# What is required:
Provide an exact repetition of every entry, with no word altered.

=-=-=

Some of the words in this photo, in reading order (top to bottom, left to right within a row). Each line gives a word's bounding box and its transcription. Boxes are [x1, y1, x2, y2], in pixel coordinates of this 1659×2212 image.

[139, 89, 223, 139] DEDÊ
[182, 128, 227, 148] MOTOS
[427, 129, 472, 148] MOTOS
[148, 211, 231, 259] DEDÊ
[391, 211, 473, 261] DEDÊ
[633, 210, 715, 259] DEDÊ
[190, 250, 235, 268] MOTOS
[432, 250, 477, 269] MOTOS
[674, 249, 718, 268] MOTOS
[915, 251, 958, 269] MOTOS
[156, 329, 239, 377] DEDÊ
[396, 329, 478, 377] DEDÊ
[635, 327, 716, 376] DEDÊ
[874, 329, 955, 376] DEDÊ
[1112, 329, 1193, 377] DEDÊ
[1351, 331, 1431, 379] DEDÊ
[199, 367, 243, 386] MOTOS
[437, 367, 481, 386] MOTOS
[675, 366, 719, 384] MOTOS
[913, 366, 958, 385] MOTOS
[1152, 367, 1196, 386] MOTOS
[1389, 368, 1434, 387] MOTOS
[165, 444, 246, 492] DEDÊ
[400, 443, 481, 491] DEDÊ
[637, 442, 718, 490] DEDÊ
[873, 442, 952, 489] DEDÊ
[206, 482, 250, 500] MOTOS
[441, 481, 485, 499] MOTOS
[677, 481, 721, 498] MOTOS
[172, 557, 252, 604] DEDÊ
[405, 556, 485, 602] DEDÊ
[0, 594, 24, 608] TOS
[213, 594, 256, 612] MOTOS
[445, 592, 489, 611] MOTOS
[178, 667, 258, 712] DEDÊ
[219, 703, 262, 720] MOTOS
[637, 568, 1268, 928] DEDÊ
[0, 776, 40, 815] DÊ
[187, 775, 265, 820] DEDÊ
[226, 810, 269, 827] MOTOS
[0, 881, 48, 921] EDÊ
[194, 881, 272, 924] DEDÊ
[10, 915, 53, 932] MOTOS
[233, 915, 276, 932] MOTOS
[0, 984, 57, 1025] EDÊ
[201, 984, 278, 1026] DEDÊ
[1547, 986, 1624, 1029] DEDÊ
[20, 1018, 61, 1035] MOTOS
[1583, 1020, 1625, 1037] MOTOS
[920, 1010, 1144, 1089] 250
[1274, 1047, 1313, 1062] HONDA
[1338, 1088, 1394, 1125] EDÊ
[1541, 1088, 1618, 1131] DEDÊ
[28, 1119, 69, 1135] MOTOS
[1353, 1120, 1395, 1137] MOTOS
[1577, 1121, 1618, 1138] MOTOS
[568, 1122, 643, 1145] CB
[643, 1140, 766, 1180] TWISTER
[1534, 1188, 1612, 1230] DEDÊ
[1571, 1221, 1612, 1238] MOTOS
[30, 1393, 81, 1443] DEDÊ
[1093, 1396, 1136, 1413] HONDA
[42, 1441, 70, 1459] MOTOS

=-=-=

# Result for this exercise:
Some of the words in this photo, in reading order (top to bottom, left to right within a row). Each line gives a word's bounding box and its transcription. Boxes are [x1, y1, x2, y2], in pixel coordinates of this 1659×2212 image.

[139, 89, 223, 139] DEDÊ
[182, 128, 227, 148] MOTOS
[427, 129, 472, 148] MOTOS
[148, 211, 231, 259] DEDÊ
[391, 211, 473, 261] DEDÊ
[633, 210, 715, 259] DEDÊ
[190, 250, 235, 268] MOTOS
[432, 250, 477, 269] MOTOS
[674, 249, 718, 268] MOTOS
[915, 251, 958, 269] MOTOS
[156, 329, 239, 377] DEDÊ
[396, 329, 478, 377] DEDÊ
[635, 327, 716, 376] DEDÊ
[874, 329, 955, 376] DEDÊ
[1112, 329, 1193, 377] DEDÊ
[1351, 331, 1431, 379] DEDÊ
[199, 367, 243, 386] MOTOS
[437, 367, 481, 386] MOTOS
[675, 366, 719, 384] MOTOS
[913, 366, 958, 385] MOTOS
[1152, 367, 1196, 386] MOTOS
[1389, 368, 1434, 387] MOTOS
[165, 444, 246, 492] DEDÊ
[400, 443, 481, 491] DEDÊ
[637, 442, 718, 490] DEDÊ
[873, 442, 952, 489] DEDÊ
[206, 482, 250, 500] MOTOS
[441, 481, 485, 499] MOTOS
[677, 481, 721, 498] MOTOS
[172, 557, 252, 604] DEDÊ
[405, 556, 485, 602] DEDÊ
[0, 594, 24, 608] TOS
[213, 594, 256, 612] MOTOS
[445, 592, 489, 611] MOTOS
[178, 667, 258, 712] DEDÊ
[219, 703, 262, 720] MOTOS
[637, 568, 1268, 928] DEDÊ
[0, 776, 40, 815] DÊ
[187, 775, 265, 820] DEDÊ
[226, 810, 269, 827] MOTOS
[0, 881, 48, 921] EDÊ
[194, 881, 272, 924] DEDÊ
[10, 915, 53, 932] MOTOS
[233, 915, 276, 932] MOTOS
[0, 984, 57, 1025] EDÊ
[201, 984, 278, 1026] DEDÊ
[1547, 986, 1624, 1029] DEDÊ
[20, 1018, 61, 1035] MOTOS
[1583, 1020, 1625, 1037] MOTOS
[920, 1010, 1144, 1089] 250
[1274, 1047, 1313, 1062] HONDA
[1338, 1088, 1394, 1125] EDÊ
[1541, 1088, 1618, 1131] DEDÊ
[28, 1119, 69, 1135] MOTOS
[1353, 1120, 1395, 1137] MOTOS
[1577, 1121, 1618, 1138] MOTOS
[568, 1122, 643, 1145] CB
[643, 1140, 766, 1180] TWISTER
[1534, 1188, 1612, 1230] DEDÊ
[1571, 1221, 1612, 1238] MOTOS
[30, 1393, 81, 1443] DEDÊ
[1093, 1396, 1136, 1413] HONDA
[42, 1441, 70, 1459] MOTOS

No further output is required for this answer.